§ **Problem to work on**
Repeat each entry exactly. Drop every image.

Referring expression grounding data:
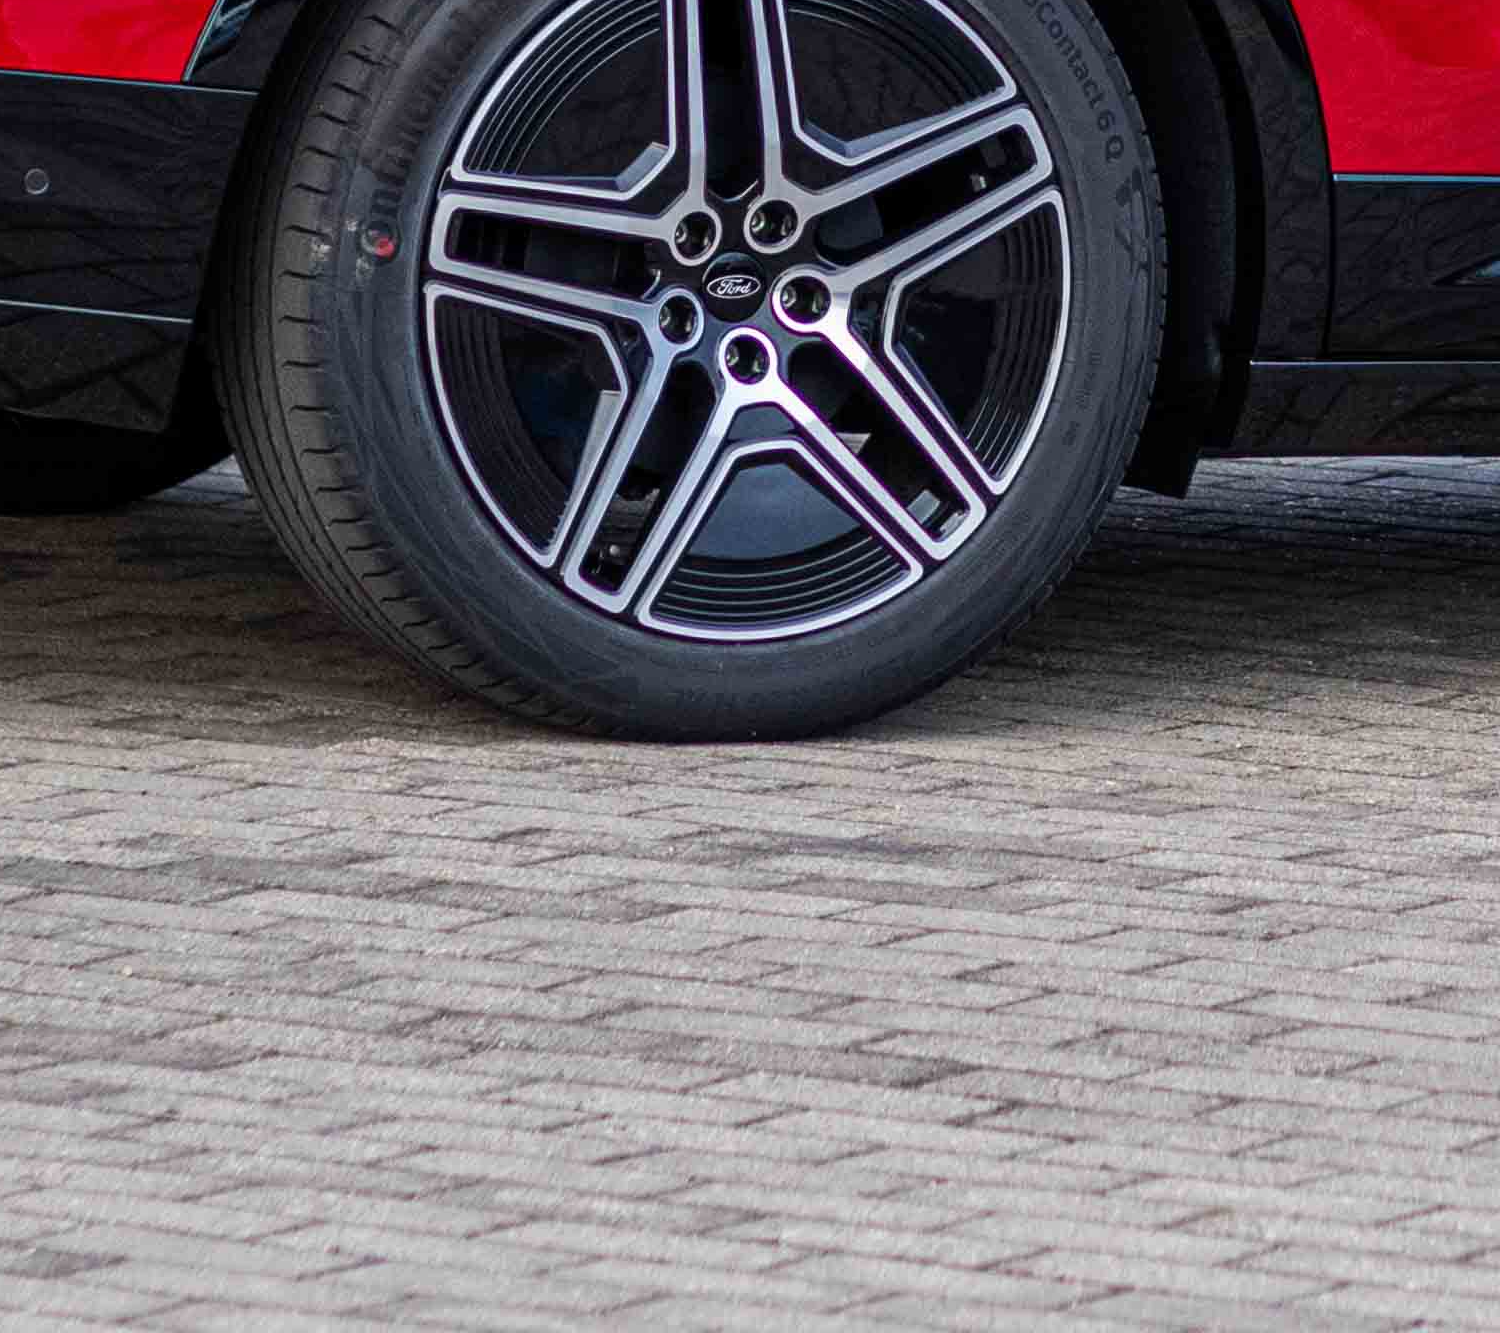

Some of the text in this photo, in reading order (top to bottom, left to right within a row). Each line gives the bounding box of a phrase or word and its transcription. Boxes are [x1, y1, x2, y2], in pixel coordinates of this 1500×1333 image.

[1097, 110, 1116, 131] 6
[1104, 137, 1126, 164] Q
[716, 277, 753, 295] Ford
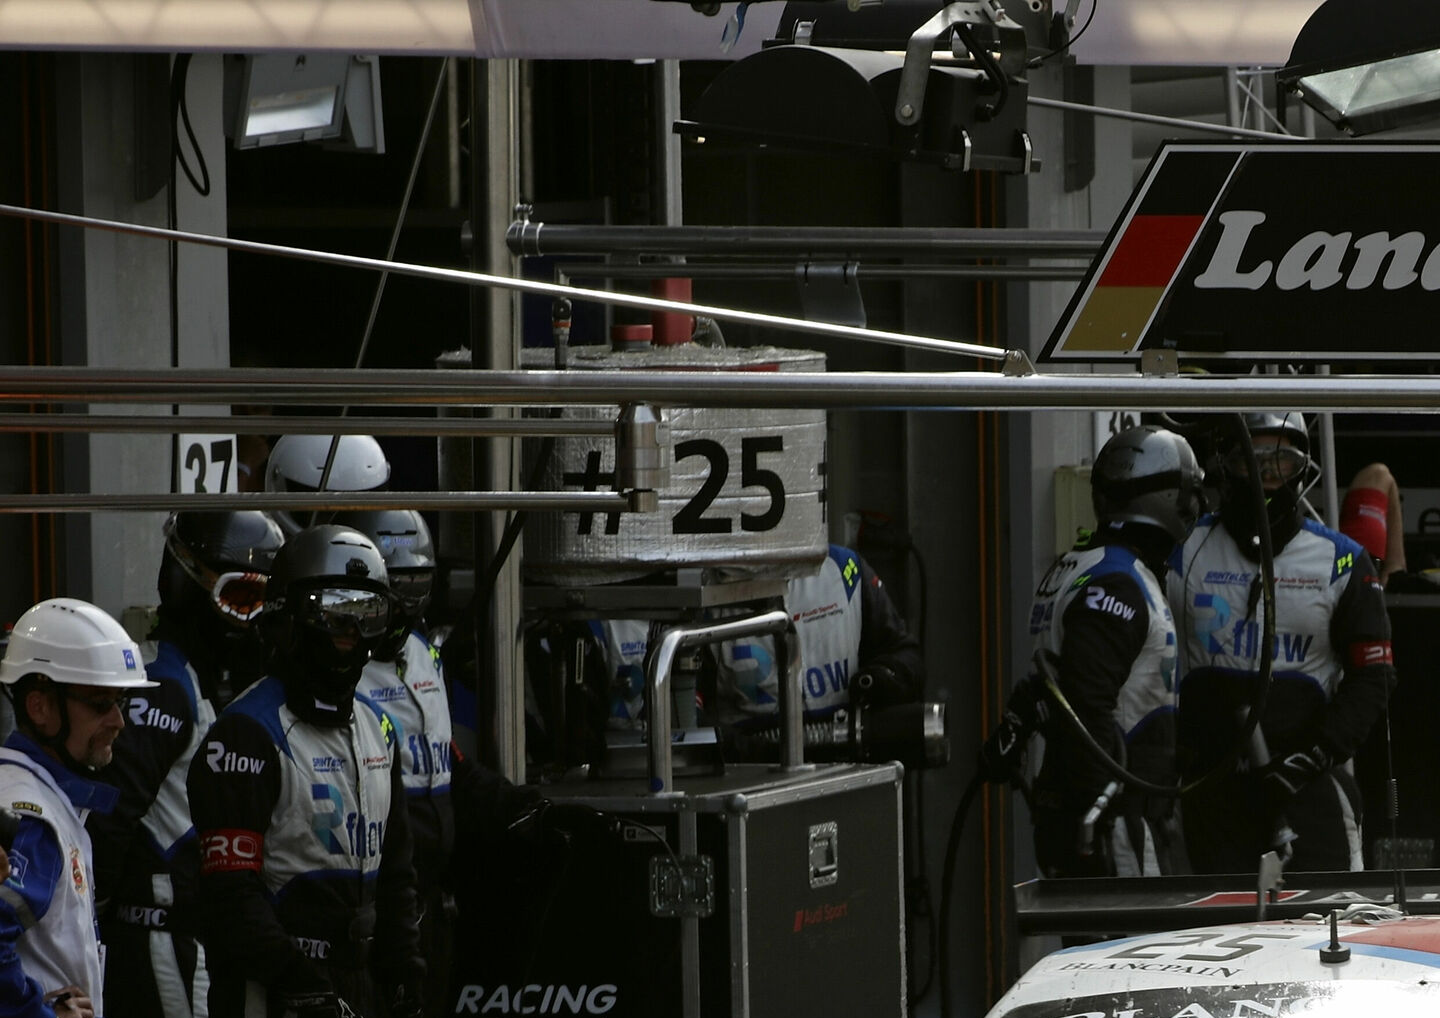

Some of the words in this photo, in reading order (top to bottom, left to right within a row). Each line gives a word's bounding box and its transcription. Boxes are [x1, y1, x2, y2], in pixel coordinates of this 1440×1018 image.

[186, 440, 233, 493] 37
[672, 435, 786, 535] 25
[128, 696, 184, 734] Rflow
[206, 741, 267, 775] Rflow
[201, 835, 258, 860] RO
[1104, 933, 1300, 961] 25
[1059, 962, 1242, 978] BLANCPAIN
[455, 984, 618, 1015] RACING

§ **Solution**
Some of the text in this photo, in reading order (top to bottom, left to right within a row). Each line gives the bounding box of a phrase or word and its transcription. Boxes are [x1, y1, x2, y2], in pixel coordinates of this 1500×1333 image.

[1097, 110, 1116, 131] 6
[1104, 137, 1126, 164] Q
[716, 277, 753, 295] Ford

Some of the words in this photo, in reading order (top to bottom, left to right within a row). Each line gives a word's bounding box and its transcription. Boxes are [x1, y1, x2, y2], in pixel coordinates of this 1440×1018 image.

[186, 440, 233, 493] 37
[672, 435, 786, 535] 25
[128, 696, 184, 734] Rflow
[206, 741, 267, 775] Rflow
[201, 835, 258, 860] RO
[1104, 933, 1300, 961] 25
[1059, 962, 1242, 978] BLANCPAIN
[455, 984, 618, 1015] RACING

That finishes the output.